Exercise details = Exact copy, pictures excluded: reproduce every record below.

Record extracts =
--- START ---

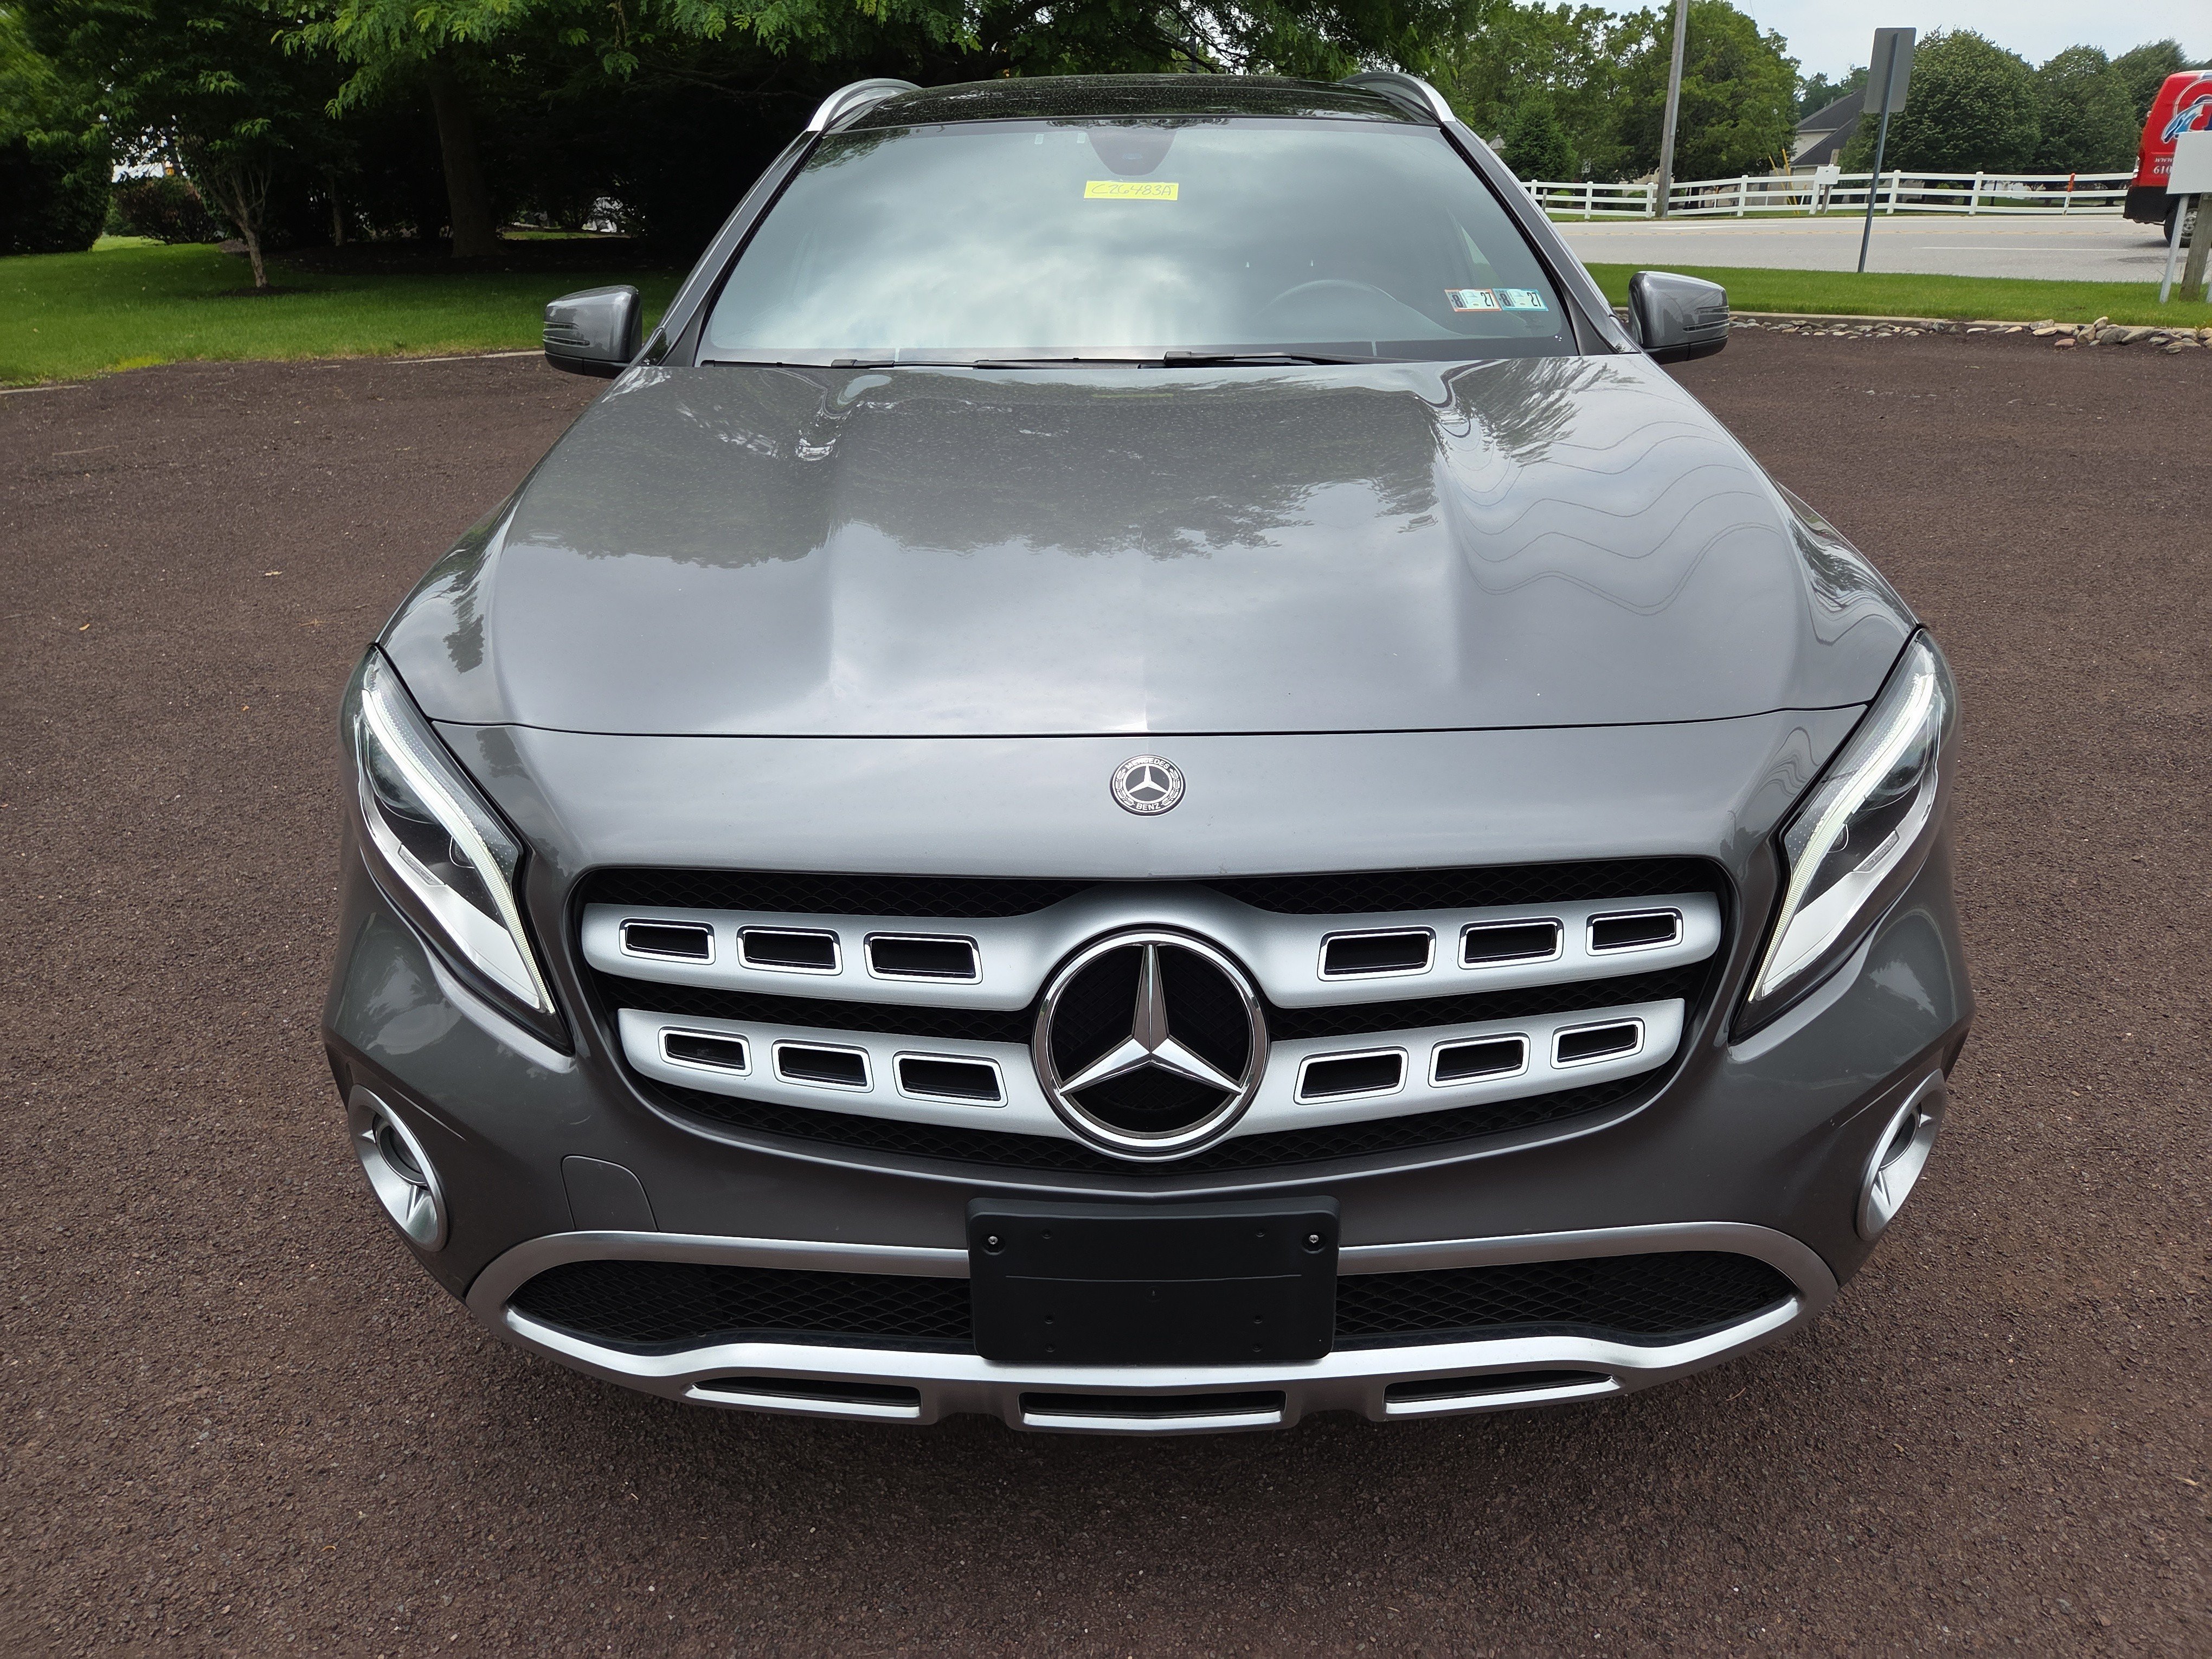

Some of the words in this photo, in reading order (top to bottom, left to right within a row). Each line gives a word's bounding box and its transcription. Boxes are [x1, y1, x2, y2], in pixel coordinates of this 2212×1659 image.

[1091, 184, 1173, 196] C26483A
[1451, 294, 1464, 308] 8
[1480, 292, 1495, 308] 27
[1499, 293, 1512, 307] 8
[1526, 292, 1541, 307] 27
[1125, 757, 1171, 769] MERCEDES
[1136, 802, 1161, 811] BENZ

--- END ---

Answer box =
Some of the words in this photo, in reading order (top to bottom, left to right within a row). Each line gives a word's bounding box and its transcription. Boxes are [x1, y1, x2, y2], in pixel coordinates of this 2212×1659 image.

[1091, 184, 1173, 196] C26483A
[1451, 294, 1464, 308] 8
[1480, 292, 1495, 308] 27
[1499, 293, 1512, 307] 8
[1526, 292, 1541, 307] 27
[1125, 757, 1171, 769] MERCEDES
[1136, 802, 1161, 811] BENZ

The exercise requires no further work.